Der Bremer FDP-Chef, Hauke Hilz, hat die Grenzziehung bei bis zu 800 Quadratmetern für Geschäfte, die ab nächster Woche wieder öffnen dürfen, als "willkürlich" und "nicht nachvollziehbar" kritisiert. Darüber, dass immerhin Läden mit einer Fläche von weniger als 800 Quadratmetern wieder öffnen dürfen, zeigte sich Hilz erleichtert. Auch dass es noch dauern wird, bis Restaurants wieder öffnen können, findet der FDP-Politiker richtig.

Bremens Bürgermeister Andreas Bovenschulte (SPD) hat die Kritik an den beschlossenen Rahmenbedingungen für Einzelhändler auf Bremen Zwei mit Verweis auf die gebotene Vorsicht zurückgewiesen.
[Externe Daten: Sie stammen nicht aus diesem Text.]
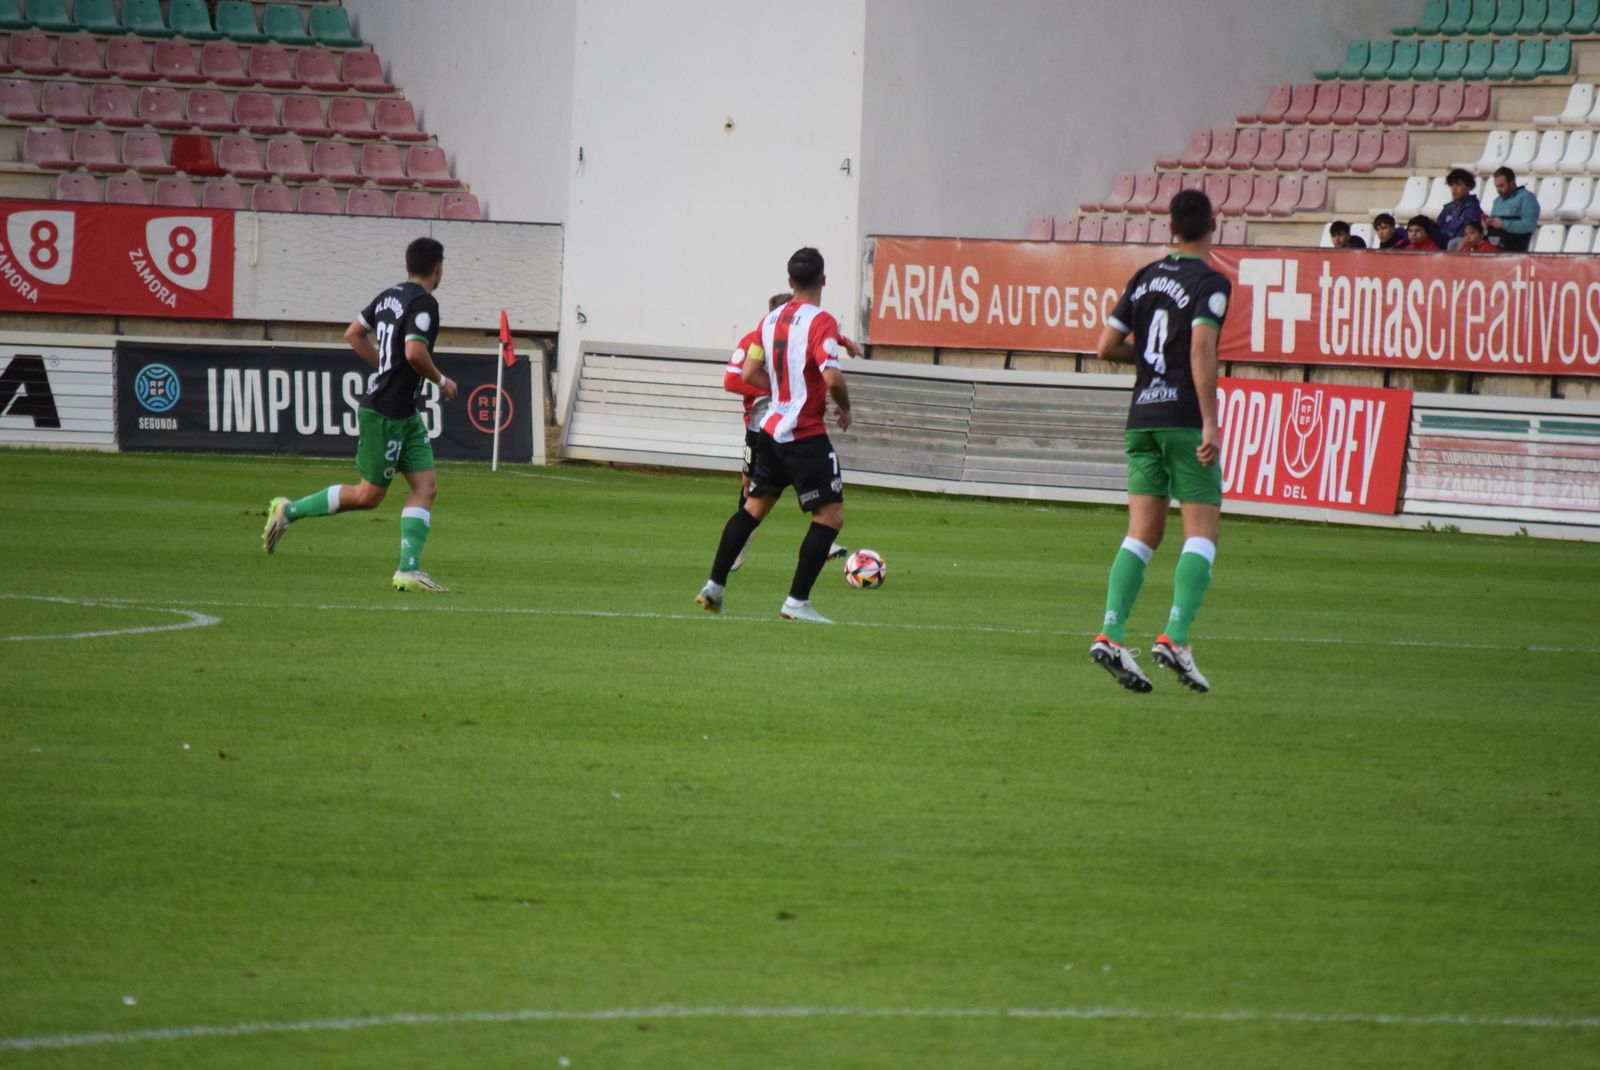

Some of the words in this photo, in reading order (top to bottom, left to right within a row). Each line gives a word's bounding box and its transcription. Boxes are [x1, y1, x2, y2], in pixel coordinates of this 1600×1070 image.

[29, 220, 59, 270] 8
[167, 226, 197, 275] 8
[128, 248, 177, 309] ZAMORA
[879, 263, 980, 324] ARIAS
[987, 284, 1125, 329] AUTOESC
[1149, 276, 1190, 309] MORENO
[376, 321, 395, 375] 21
[1144, 308, 1169, 374] 4
[139, 417, 178, 430] SEGUNDA
[385, 440, 402, 461] 21
[1318, 396, 1386, 505] REY
[1283, 484, 1307, 500] DEL
[1438, 471, 1518, 500] ZAMORA
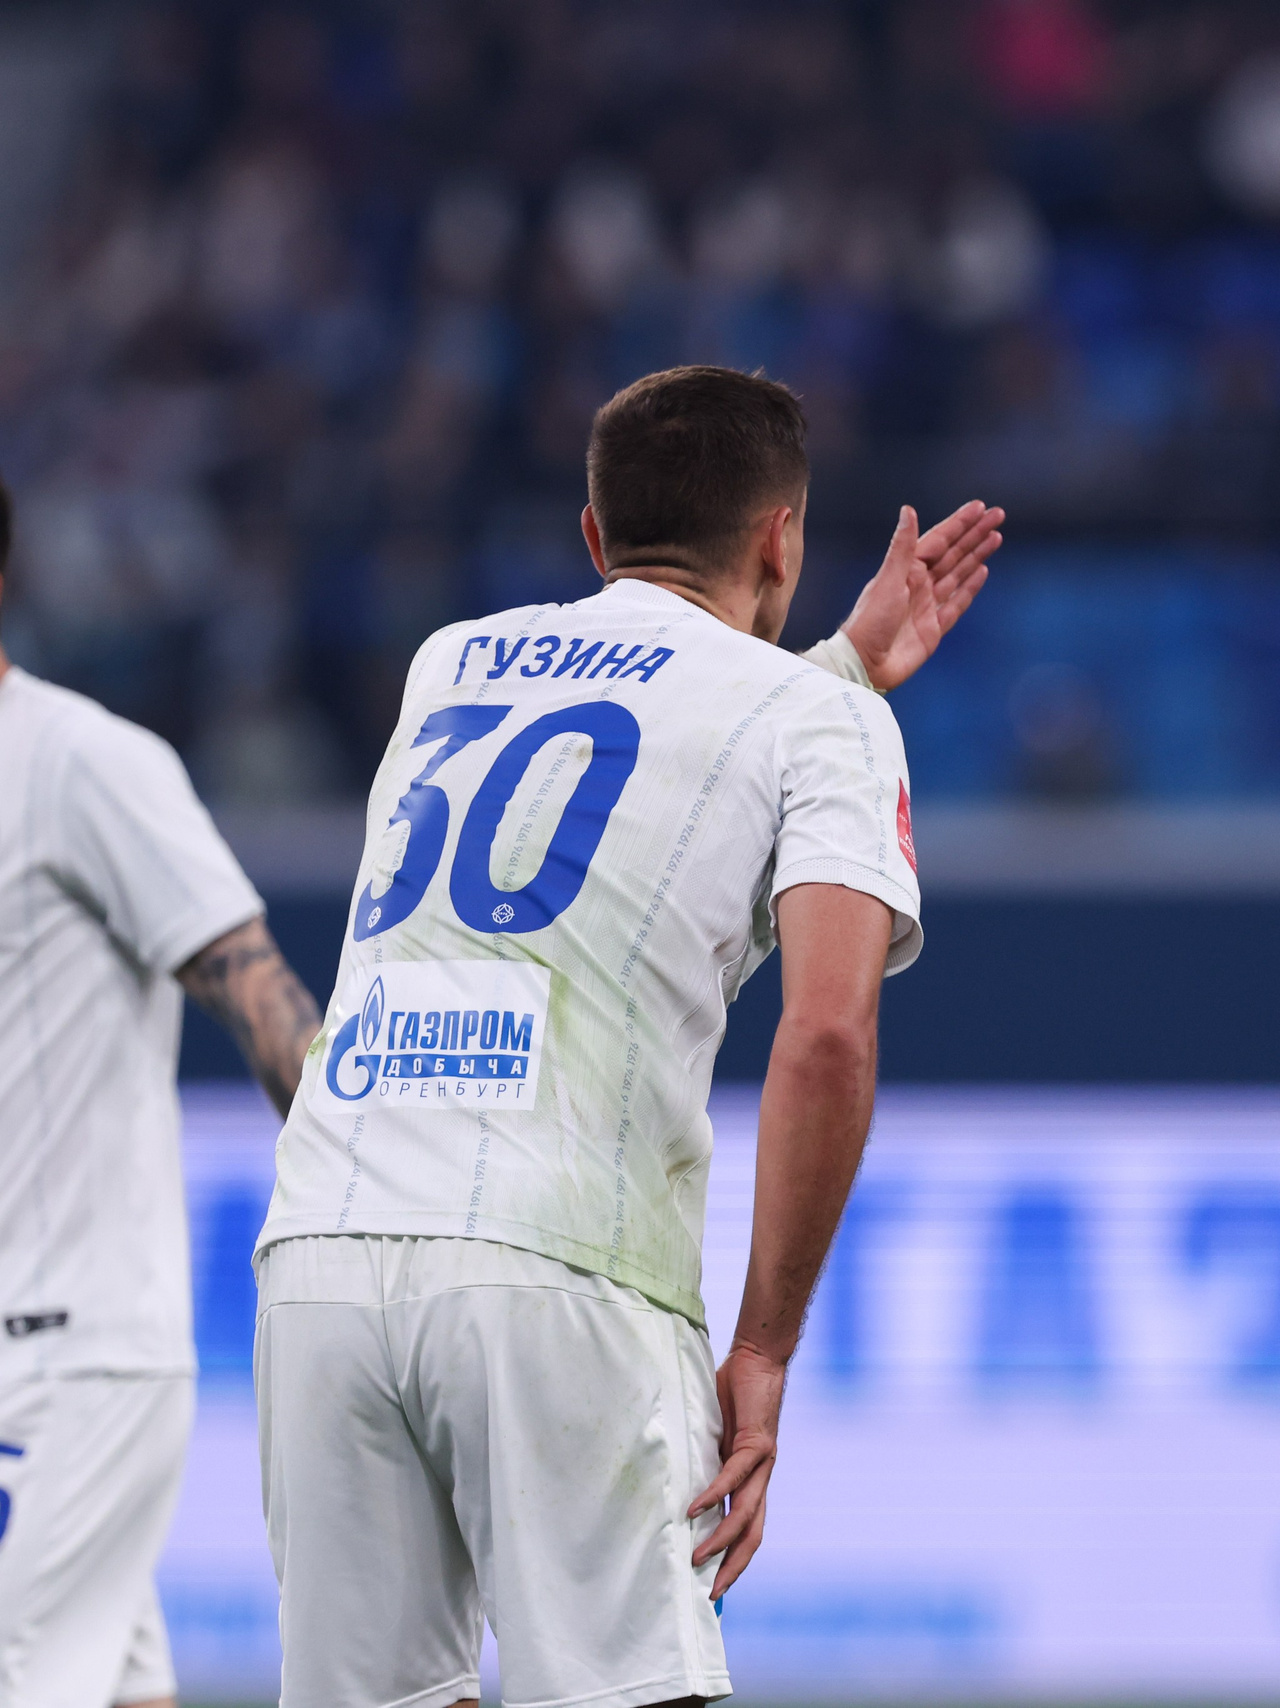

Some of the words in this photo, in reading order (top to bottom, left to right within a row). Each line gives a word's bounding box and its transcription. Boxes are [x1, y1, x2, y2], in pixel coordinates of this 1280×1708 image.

[453, 634, 676, 685] ГУЗИНА
[508, 846, 522, 868] 1976
[516, 822, 532, 843] 1976
[526, 799, 543, 818] 1976
[537, 779, 554, 796] 1976
[548, 759, 567, 776] 1976
[560, 738, 578, 756] 1976
[354, 700, 641, 942] 30
[621, 954, 637, 978] 1976
[631, 929, 648, 952] 1976
[643, 902, 660, 927] 1976
[654, 876, 670, 900] 1976
[666, 849, 684, 874] 1976
[677, 823, 695, 847] 1976
[688, 798, 706, 821] 1976
[700, 772, 719, 796] 1976
[713, 749, 731, 771] 1976
[726, 729, 744, 747] 1976
[737, 716, 756, 730] 1976
[752, 700, 771, 716] 1976
[767, 684, 788, 699] 1976
[387, 1010, 534, 1052] ГАЗПРОМ
[626, 1042, 639, 1065] 1976
[387, 1058, 522, 1077] ДОБЫЧА
[622, 1068, 634, 1091] 1976
[379, 1081, 526, 1099] ОРЕНБУРГ
[478, 1110, 490, 1134] 1976
[618, 1118, 631, 1143] 1976
[477, 1137, 490, 1156] 1976
[475, 1159, 487, 1182] 1976
[614, 1147, 624, 1171] 1976
[336, 1206, 350, 1229] 1976
[344, 1181, 357, 1203] 1976
[353, 1114, 365, 1135] 1976
[470, 1184, 483, 1207] 1976
[465, 1210, 478, 1234] 1976
[616, 1200, 625, 1222] 1976
[611, 1226, 623, 1250] 1976
[607, 1254, 618, 1276] 1976
Irgendwo mussten wir die Grenze ziehen, um nicht zu viele Kundenströme auszulösen. Die Größe von 800 Quadratmetern ist aber nicht willkürlich gewählt. Dort liegt juristisch gesehen die Grenze von nicht großflächigen zu großflächigen Geschäften.

Bürgermeister Andreas Bovenschulte
Bremens Bürgermeister Andreas Bovenschulte (SPD)
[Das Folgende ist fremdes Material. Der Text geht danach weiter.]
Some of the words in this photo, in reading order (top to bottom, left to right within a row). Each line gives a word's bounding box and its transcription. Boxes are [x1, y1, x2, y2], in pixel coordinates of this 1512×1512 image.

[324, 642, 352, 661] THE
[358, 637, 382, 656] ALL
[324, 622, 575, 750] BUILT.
CDU-Chef lobt solidarisches Verhalten der Bürger

Der CDU-Landesvorsitzende, Carsten Meyer-Heder, lobte das Verhalten der Bremerinnen und Bremer: Das solidarische Verhalten der Bürger in den letzten Wochen habe sich für alle rentiert. Auch er findet die beschlossenen schrittweisen Öffnungen dringend notwendig, um die Wirtschaft wieder in Gang zu bringen.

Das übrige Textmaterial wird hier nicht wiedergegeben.